The book uses the concept of blast radius to explain this reality. Rather than focusing only on the original cause of failure, blast radius examines how far disruption spreads after the first incident begins. This shift is important because the damage caused by a crisis is often shaped less by the initial fault and more by the structure through which that fault travels. A small technical issue can become a major operational crisis if the system is tightly connected, poorly governed, or difficult to contain.
Delegated Trust and the Hidden Expansion of Risk
The Crisis Engineer also examines how modern organisations extend trust beyond their own walls. Tools such as OAuth, SaaS integrations, API connections, and external platforms allow businesses to move faster and operate more efficiently. However, they also create new forms of dependency and exposure. The book explains that delegated trust is not only a technical decision. It is also a governance decision.
Once access is granted through tokens, integrations, or connected services, the organisation must be able to monitor, control, and revoke that access effectively. Multi-factor authentication may protect the login moment, but it does not automatically manage everything that happens after access has been authorised. This distinction is central to the book’s argument. Security does not fail only when a protocol breaks. It can also fail when legitimate trust pathways are poorly understood, weakly governed, or allowed to expand without sufficient visibility.
Degraded Mode and the Return of Human Responsibility
One of the most practical sections of the book focuses on what actually happens when systems become unavailable. Organisations do not simply stop working during a crisis. They enter degraded mode. Automated processes are replaced by manual workarounds. Staff must make decisions under pressure. Teams must coordinate without the tools they usually depend on. In these moments, resilience becomes a human and organisational test, not only a technical one.
The book’s discussion of the 2017 WannaCry attack and its impact on NHS trusts is especially powerful. Mahmoud Hammoud’s first-hand reflection shows that containment was not only achieved through automated systems. It required people to act quickly, disconnect machines, isolate networks, and make difficult decisions with incomplete information. Bärbel Wetenkamp’s reflection adds another important layer: when systems disappear, direct human responsibility becomes visible again.
Why Fragility Is Often Designed In
The Crisis Engineer makes a strong case that many failures are not accidental surprises. They are the predictable result of systems designed mainly for efficiency, speed, and integration, but not for stress, uncertainty, or recovery. The book explores concepts such as gray failure, where systems appear to be functioning while degradation is already spreading beneath the surface. These are dangerous conditions because traditional health checks may not detect the problem early enough.
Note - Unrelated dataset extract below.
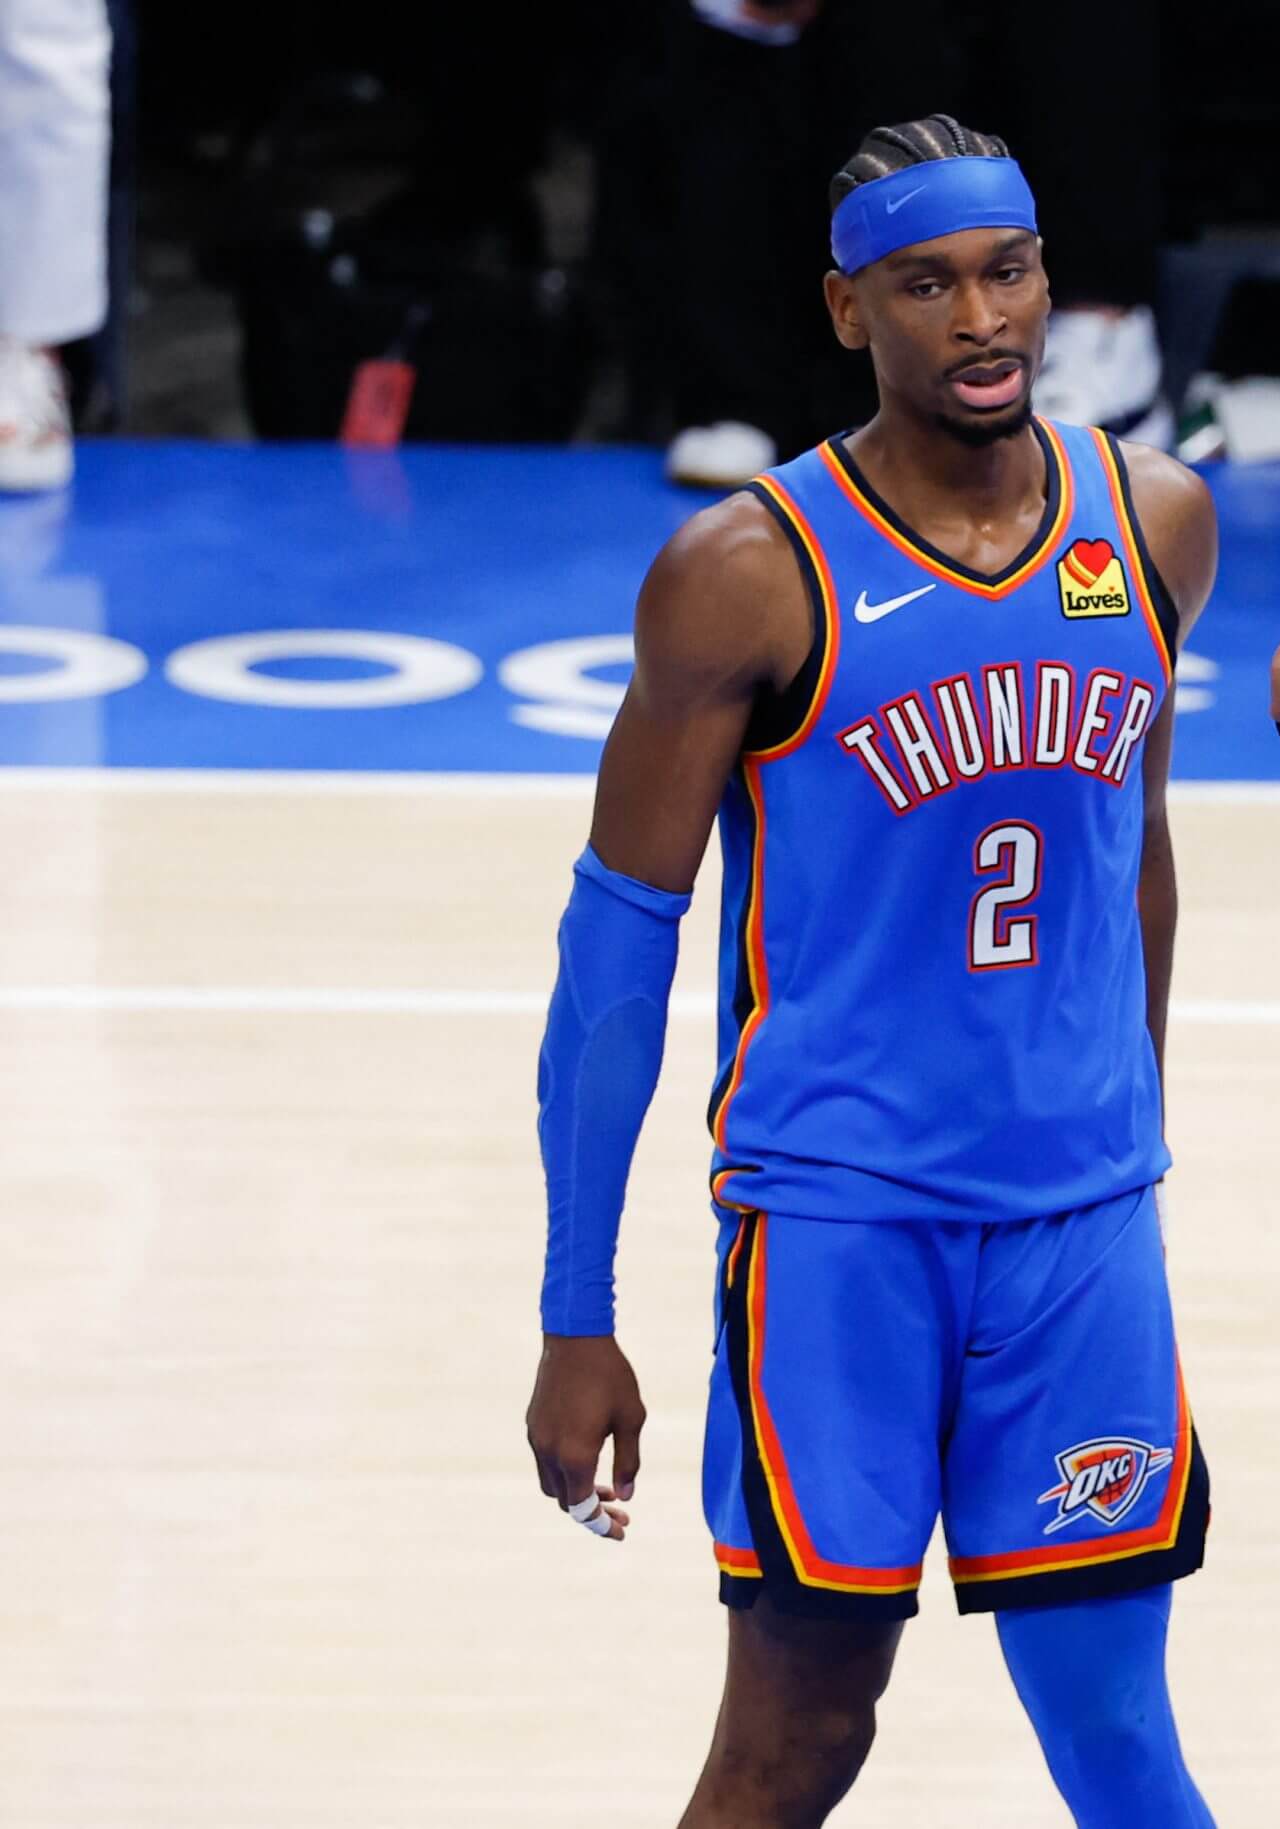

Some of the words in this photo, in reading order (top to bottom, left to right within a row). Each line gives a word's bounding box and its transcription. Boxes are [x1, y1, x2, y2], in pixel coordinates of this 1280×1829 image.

[836, 661, 1154, 815] THUNDER
[968, 819, 1044, 972] 2
[1064, 1453, 1132, 1511] OKC
Identity and Access Management is another major example. Over time, large organisations accumulate roles, permissions, accounts, and policies. Under normal conditions, this complexity may seem manageable. During a crisis, it can become a serious obstacle. Response teams may struggle to know which access paths are safe, which are critical, and which must be shut down. This creates a difficult choice: revoke too much access and risk stopping essential services, or leave access open and risk further propagation.
Business Continuity Must Be Alive
The book is also clear that business continuity cannot remain a static document stored for audit purposes. Continuity planning only matters if it works under real pressure. A Business Impact Analysis should not be treated as a one-time formality. It should be a living process that is tested, updated, and connected to the realities of operations.
The Crisis Engineer shows that cyber incidents quickly become business incidents when digital infrastructure is tied to revenue, supply chains, customer service, finance, and regulatory obligations. A ransomware attack does not only affect data or systems. It can interrupt sales, damage trust, delay payments, create legal exposure, and threaten organisational survival. This is why crisis engineering must involve business leaders, not only technical teams.
Decision-Making Under Pressure
Another important strength of the book is its attention to human judgement. During a crisis, people are expected to make high-stakes decisions under time pressure, uncertainty, fatigue, and emotional strain. The book explains that decision quality naturally declines when cognitive load increases. This is not a personal weakness. It is a predictable human response to prolonged stress.
For this reason, structure becomes a form of protection. Clear escalation paths, rehearsed playbooks, defined authority, and trusted communication channels help preserve decision quality when pressure rises. Leadership during crisis is not only about motivation or confidence. It is about maintaining reliability when individual and organisational capacity are being stretched.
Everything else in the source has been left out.